Potter Hill Mill Dam project dead in the water after Westerly council vote

WESTERLY — Plans to remove, either partially or completely, the Potter Hill Mill Dam have been scuttled by the Town Council as it looks to renew its focus on taking what remains of the mill itself down.

In voting 6-0 Monday not to approve a new contract with an environmental engineering firm, the council effectively ended the town’s participation in a multi-year grant project sponsored by the National Oceanic and Atmospheric Administration aimed at addressing the dam, which crosses the Pawcatuck River. The council had previously voted to support and pursue an option, known as Alternative 3, that would lower the dam slightly and include construction of a full-height, nature-like pool and riffle fishway. It was one of the options presented by Fuss & O’Neil, the environmental engineering firm, but not the approach recommended by the firm.

Prior to the vote on Monday, Town Council President Sharon Ahern discussed a pre-application meeting held in December with the state Department of Environmental Management and the U.S. Army Corps of Engineers. The meeting was intended to give town officials a read on whether the council’s preferred approach was likely to make it through the state and federal permitting process.

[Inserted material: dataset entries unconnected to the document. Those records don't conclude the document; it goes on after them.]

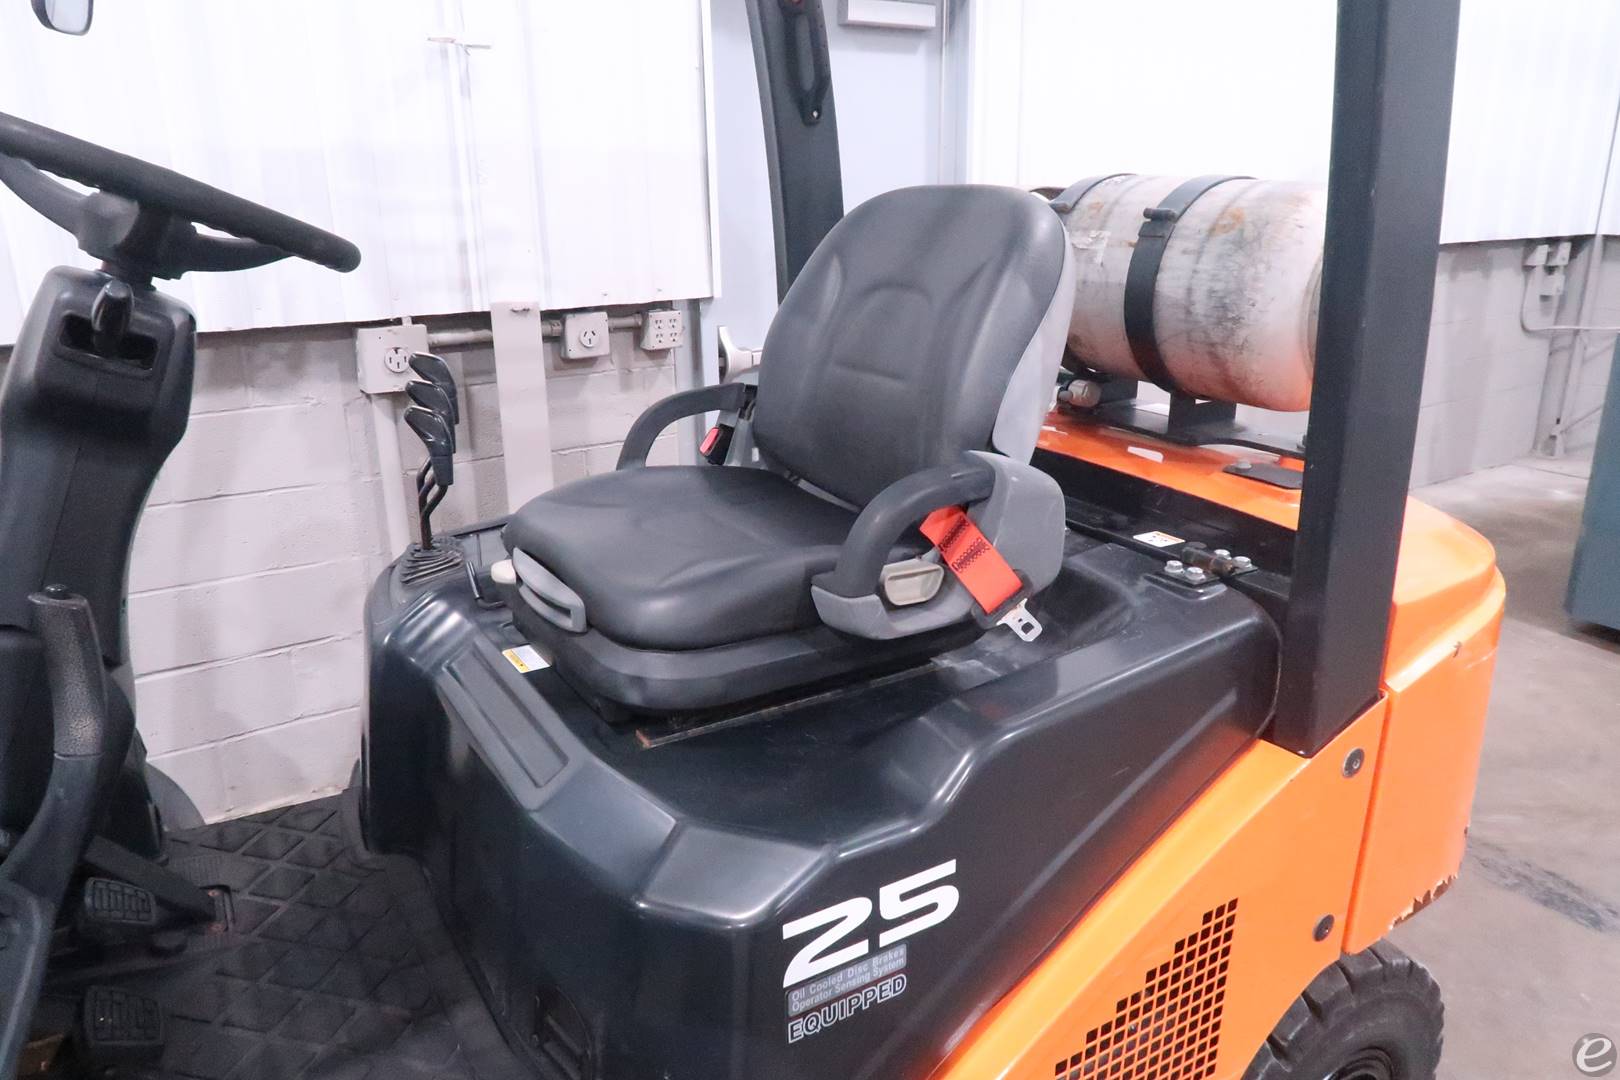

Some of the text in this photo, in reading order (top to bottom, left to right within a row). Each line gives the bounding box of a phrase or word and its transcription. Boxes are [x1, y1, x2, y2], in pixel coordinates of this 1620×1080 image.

[783, 859, 959, 988] 25
[792, 949, 905, 1001] Oil Cooled Disc Brakes
[792, 959, 905, 1014] Operator Sensing System
[788, 974, 907, 1044] EQUIPPED
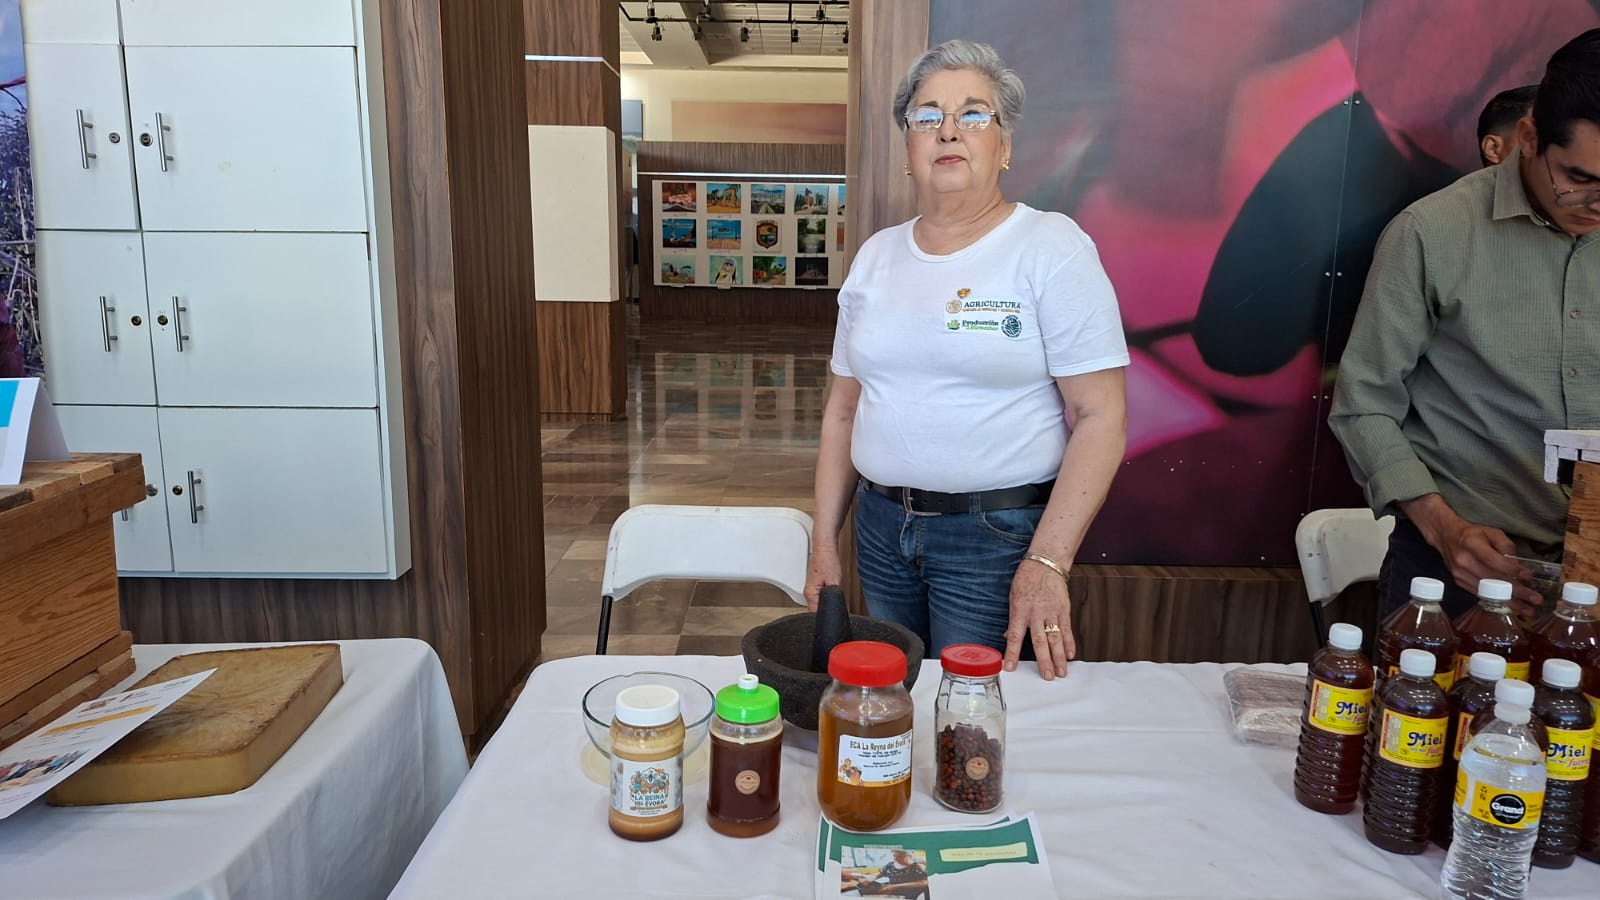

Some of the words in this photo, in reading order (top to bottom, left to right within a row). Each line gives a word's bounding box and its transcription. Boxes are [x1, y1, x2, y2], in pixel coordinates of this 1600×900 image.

[964, 301, 1021, 309] AGRICULTURA
[1335, 701, 1368, 715] Miel
[850, 741, 861, 749] ECA
[862, 742, 869, 750] La
[1406, 731, 1443, 747] Miel
[1547, 742, 1586, 758] Miel
[1491, 801, 1525, 815] Grand
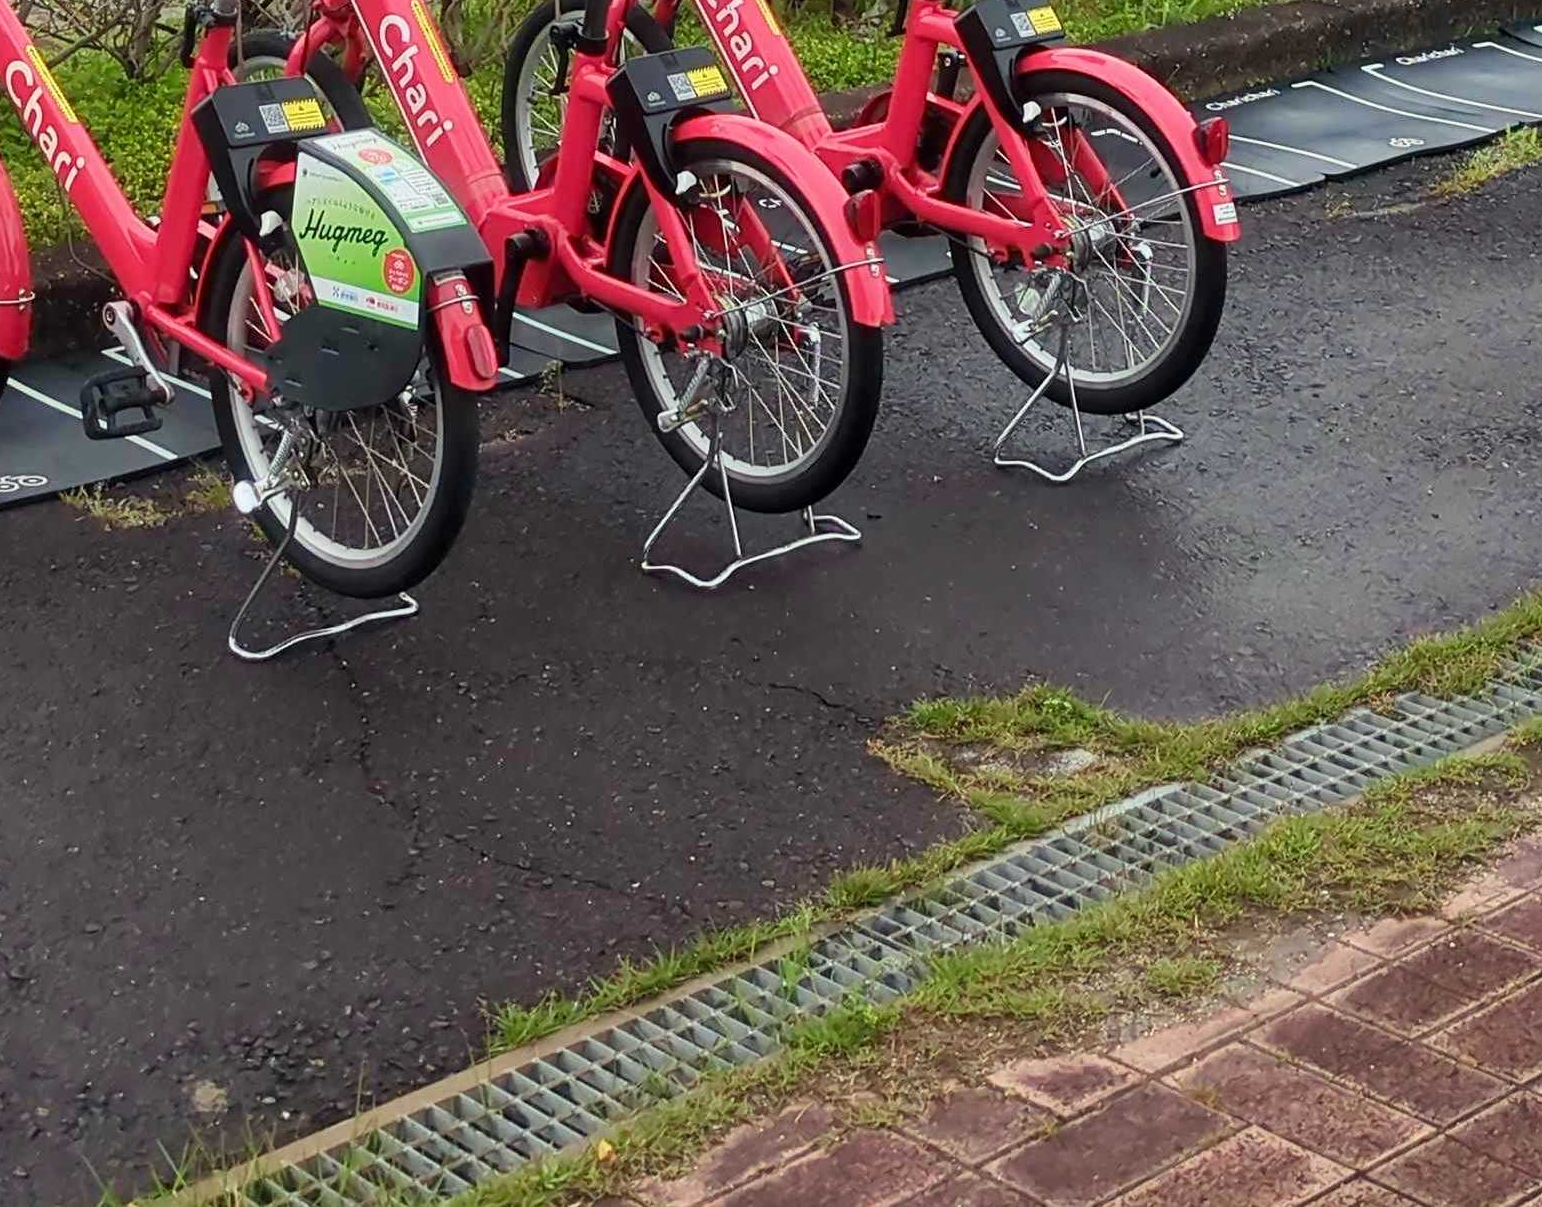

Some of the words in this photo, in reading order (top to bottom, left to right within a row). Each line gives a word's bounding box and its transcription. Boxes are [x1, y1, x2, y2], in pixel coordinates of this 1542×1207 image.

[5, 60, 85, 192] Chari
[379, 14, 454, 147] Chari
[299, 208, 389, 258] Hugmeg
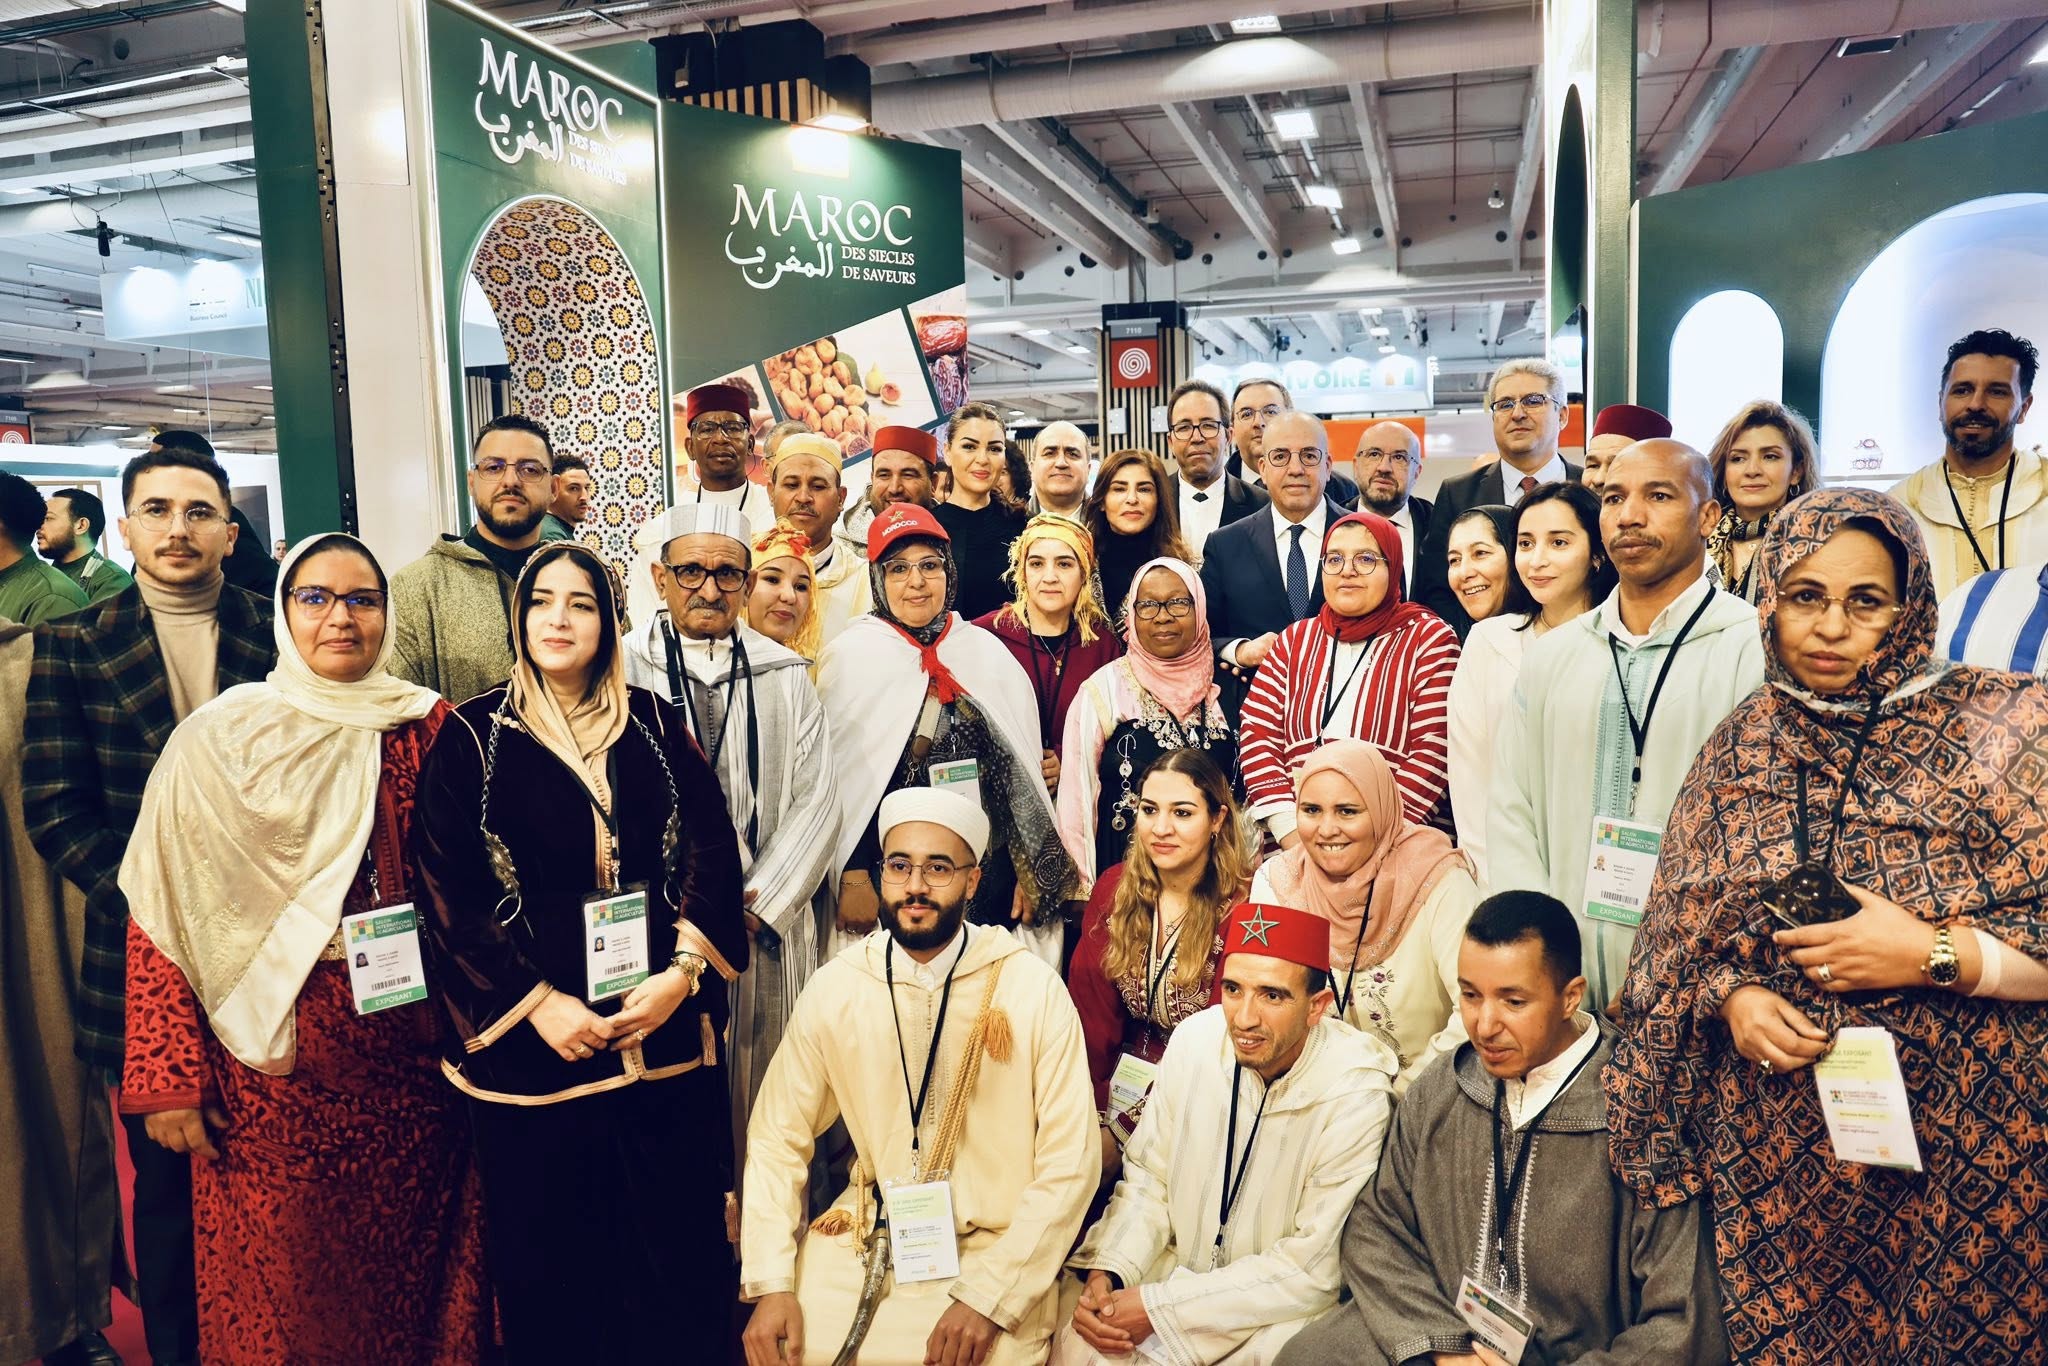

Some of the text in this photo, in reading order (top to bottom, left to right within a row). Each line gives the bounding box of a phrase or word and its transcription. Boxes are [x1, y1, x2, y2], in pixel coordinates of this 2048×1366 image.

“It became quickly obvious that under the NOAA grant Alternative 3 would not be permitted. The parameters of the grant are very clear that they want increased fish passage, and that is not what Alternative 3 does,” Ahern said.

The NOAA grant was intended to improve fish passage, decrease flood risk, improve water quality and improve recreational uses of the river.

Alternative 3 would also have required approval by the Federal Emergency Management Agency due to the potential for increased flood risk along a portion of the river, said Nils Wiberg, Fuss & O’Neill’s chief water resources engineer. Fuss & O’Neill recommended complete removal of the dam and creation of a riffle-pool channel. But members of the Town Council sided with several Westerly and Hopkinton property owners who live on the river and said complete removal of the dam would drastically change the river, put drinking water wells at risk, and cause property values to drop. Many of the property owners addressed the council on Monday repeating their opposition to Fuss & O’Neill’s recommendation and their support of Alternative 3. The grant could have been used to address the potential for damaged wells, Wiberg said.

On Monday Wiberg discussed a new potential approach — analyzing how to lower the dam to achieve the goals of the grant and also maintain the ability for property owners to enjoy use of the river.

Councilor Karen Cioffi questioned the current analysis.

“I do not believe that doing Alternative 3 will increase the flood level. I will not support anything other than Alternative 3 or doing nothing,” Cioffi said.

For decades the town has tried to have the mill repaired or demolished and the property cleaned up. In 2019 the council approved having John Dorsey, a lawyer with experience in receivership cases, petition a Superior Court judge to have the mill property put in receivership. The judge consented and Dorsey was appointed to serve as special master and charged with finding a way to address the public health problem posed by the mill buildings, which are falling into the river and attract young people and others.

DEM has classified the dam, which officials say has rarely been maintained in recent years, as a low hazard. Councilor Caswell Cooke Jr. said the dam does not pose an imminent threat to safety.

“I would say because it’s not an immediate danger and because what the neighbors want and what the grant wants doesn’t jive, I want to concentrate on getting the mill down,” Cooke said.

The council has earmarked $400,000 of the town’s allotment of federal COVID-19 relief funds to be used toward the cost of demolishing the mill buildings, cleaning the property up, and preparing it for public use. On Monday, Dorsey told the council that the proposed demolition will require a review by the Rhode Island Historical Preservation & Heritage Commission. In addition to plans for the mill, the commission will also want to review the town’s plans for the dam.

Dorsey has also informed town officials that he hopes to soon seek transfer of “site control” of the mill property, which includes the dam, to the town or look to sell the property on the open market.

Councilor Christopher Duhamel and a few other councilors questioned whether the Rhode Island Historical Preservation & Heritage Commission could stop the town’s demolition plan if the commission decides it wants the town to address both the buildings and the dam. Ahern asked Town Attorney William Conley to study the extent of the commission’s authority.

The council’s decisions Monday were not well received by environmental organizations that have worked for decades to restore the river to a more natural state by removing other dams that impeded fish passage and created hazards for canoes and kayaks.

“It’s a huge missed opportunity. Removing the Potter Hill Dam would have reduced flood risks upstream and downstream, significantly enhanced paddling on the river and maximized a decade’s worth of community investments in fish passage on the Pawcatuck River. The NOAA grant was a significant down payment on finishing the job. Once the town gives those federal dollars up, it’s going to be very difficult to get them back,” said John Torgan, Rhode Island state director of the Nature Conservancy.

The Nature Conservancy had contributed $132,550 toward the cost of the Potter Hill Mill Dam study and preparation work conducted by Fuss & O’Neill. NOAA provided $100,000 for the first year of the grant and was expected to contribute an additional $702,810 toward the cost of removing the dam, construction of a new fish passage, permitting fees, and the cost of design and engineering.